_Exercise brief_
Give a verbatim copy of the data, leaving the pictures out.

[Collected data]
-=-=-
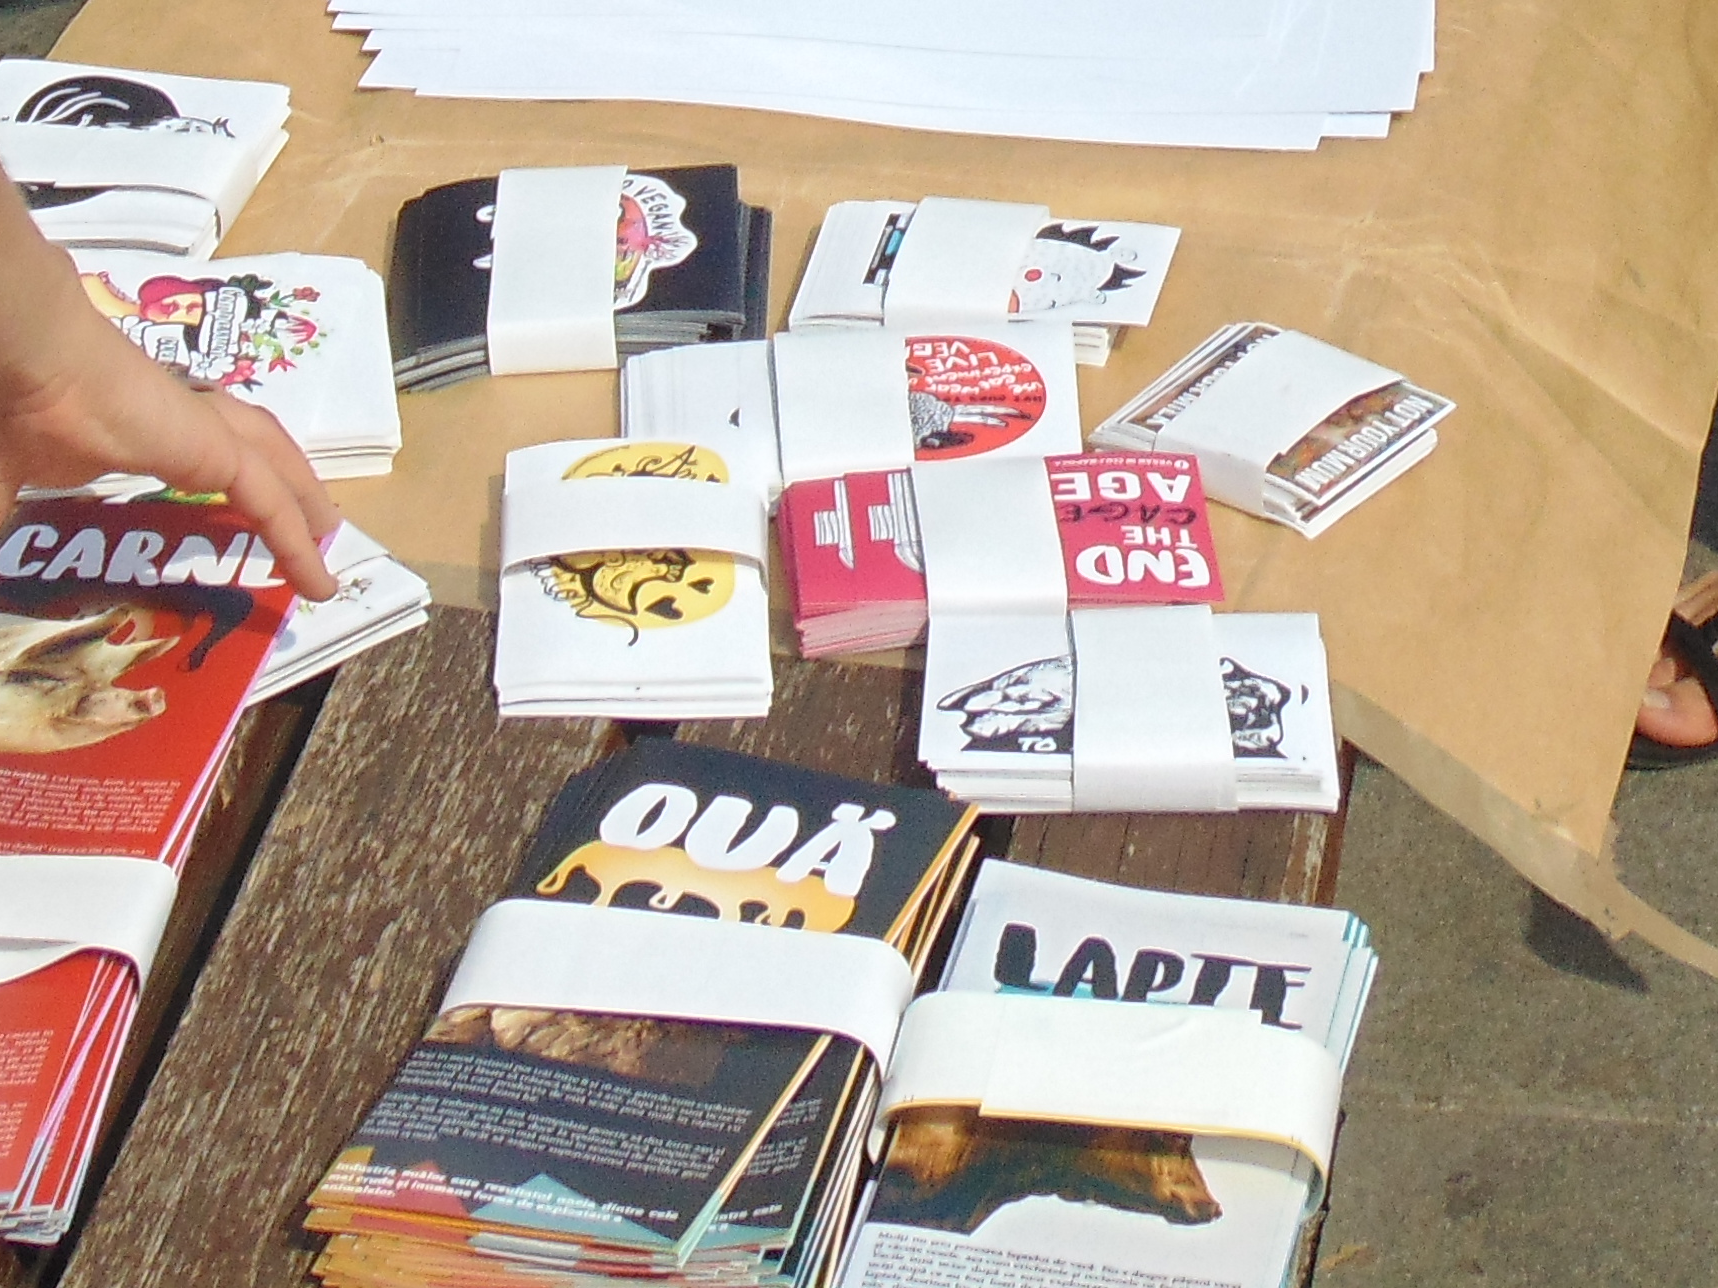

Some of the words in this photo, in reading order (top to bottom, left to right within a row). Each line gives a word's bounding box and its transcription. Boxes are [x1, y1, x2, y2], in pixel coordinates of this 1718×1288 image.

[633, 184, 673, 236] VEGAN
[906, 340, 970, 358] VEG
[925, 351, 999, 372] LIVE
[1384, 394, 1433, 427] NOT
[1336, 420, 1400, 458] YOUR
[1050, 472, 1192, 503] AGE
[1294, 449, 1355, 491] MUM
[1059, 502, 1197, 525] CAGE
[1121, 525, 1197, 548] THE
[1075, 545, 1210, 588] END
[600, 782, 897, 897] OUĂ
[994, 921, 1312, 1031] LAPTE
-=-=-
_Your response_
Some of the words in this photo, in reading order (top to bottom, left to right within a row). Each line gives a word's bounding box and its transcription. Boxes are [x1, y1, x2, y2], in pixel coordinates of this 1718×1288 image.

[633, 184, 673, 236] VEGAN
[906, 340, 970, 358] VEG
[925, 351, 999, 372] LIVE
[1384, 394, 1433, 427] NOT
[1336, 420, 1400, 458] YOUR
[1050, 472, 1192, 503] AGE
[1294, 449, 1355, 491] MUM
[1059, 502, 1197, 525] CAGE
[1121, 525, 1197, 548] THE
[1075, 545, 1210, 588] END
[600, 782, 897, 897] OUĂ
[994, 921, 1312, 1031] LAPTE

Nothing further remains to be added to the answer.